House Speaker Paul Ryan (R-Wisconsin) and other GOP leaders unveiled a new health law outline that would void a large portion of the Affordable Care Act, reported The New York Times. The outline features a reworked Medicaid program for the poor, tax breaks to help individuals pay physician bills, and federally subsidized state pools to assist individuals who have costly medical conditions with buying health insurance. According to the NY Times, lawmakers state that these ideas are just options, but many are considered controversial. One option would replace the tax increases in the ACA with new levies on the value of some employer-provided health plans, the NY Times reported.
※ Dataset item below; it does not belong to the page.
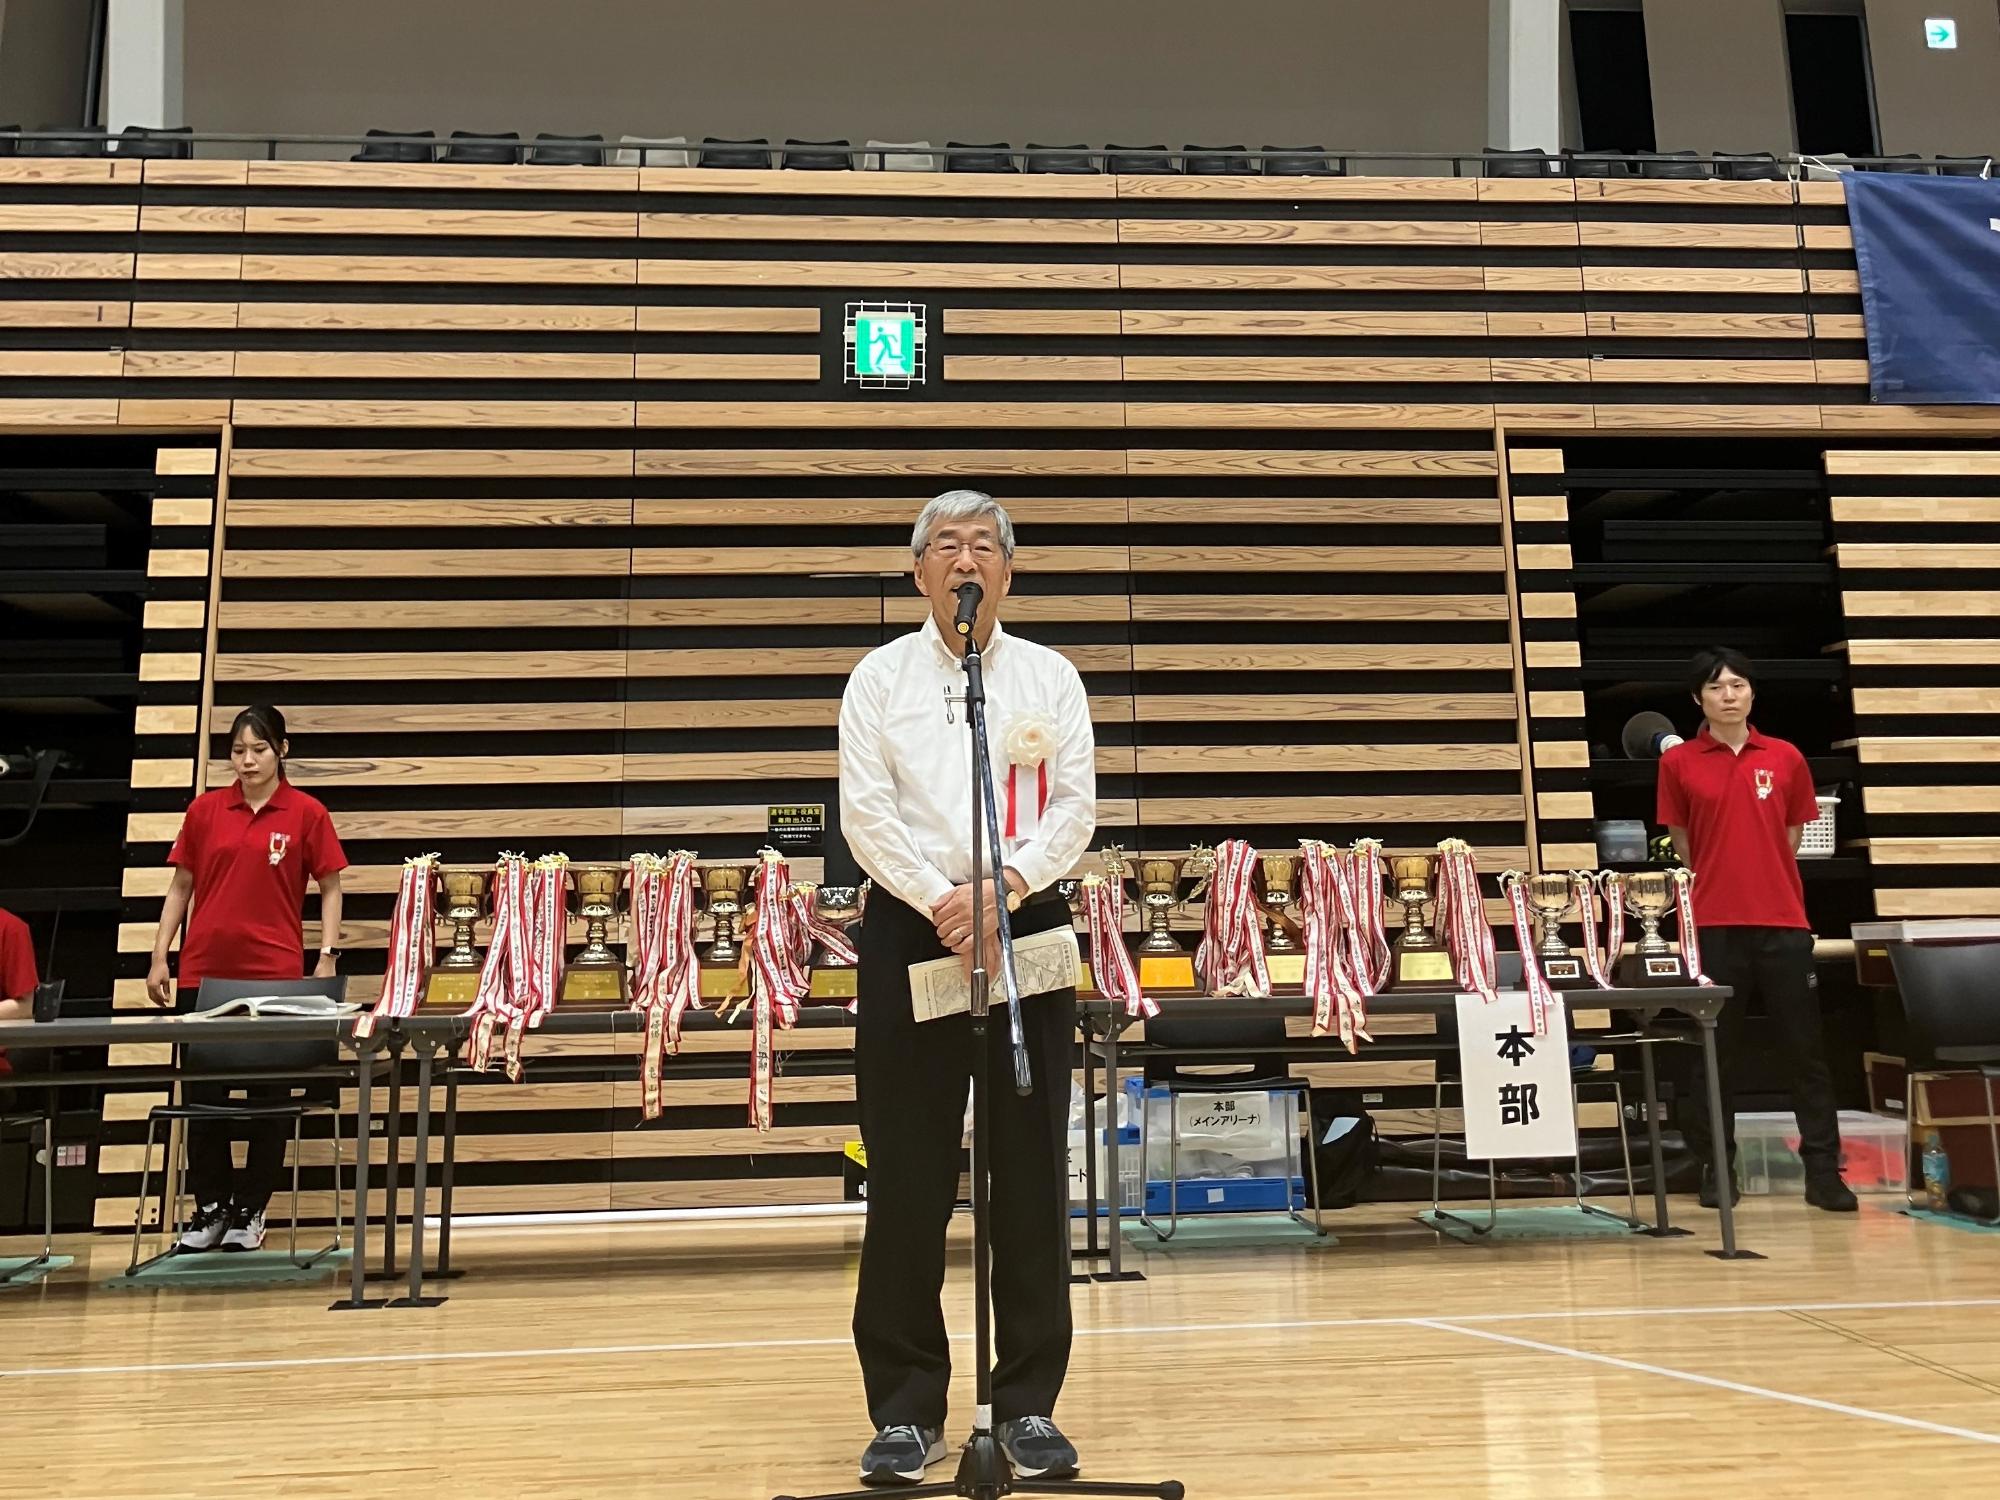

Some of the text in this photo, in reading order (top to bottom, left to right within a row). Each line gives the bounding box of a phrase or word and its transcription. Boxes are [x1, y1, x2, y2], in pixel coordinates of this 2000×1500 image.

[1495, 1024, 1540, 1126] 本部
[1214, 1101, 1235, 1112] 本部
[1190, 1113, 1261, 1127] (メインアリーナ)
Seema Verma, President Donald Trump’s pick to lead the CMS, seeks to address government health spending and the high cost of medications. According to The New York Times, Verma said that the approach pharmaceutical companies use to classify products as generic or branded products need to be reviewed to help address government spending. On Thursday, Verma did not address whether the US government should negotiate with pharmaceutical manufacturers over the cost of drugs.
The debate over whether to test presidents for dementia has emerged recently among physicians, particularly because President Trump is the oldest American president ever to take office, NPR reported. Trump’s longtime personal physician Dr Harold N. Bornstein told The New York Times that if appointed White House doctor, he most likely would not test the president for baseline dementia risk. According to NPR, President Trump has a family history of dementia, with his father having developed Alzheimer’s disease in his 80s. Dr Jacob Appel, a psychiatrist at Mount Sinai School of Medicine who has studied the health of politicians and presidents, said he is not completely sold on mandatory public screenings for presidents, because even with an external panel, the process would become highly politicized. Furthermore, objectively determining what level of impairment renders a candidate unfit for office comes into question. “As a colleague of mine says, ‘one candidate with half a brain may be better than the other candidate with a whole brain,’” Dr Appel told NPR. “I fear that baseline cognitive screening is a rather facile solution.”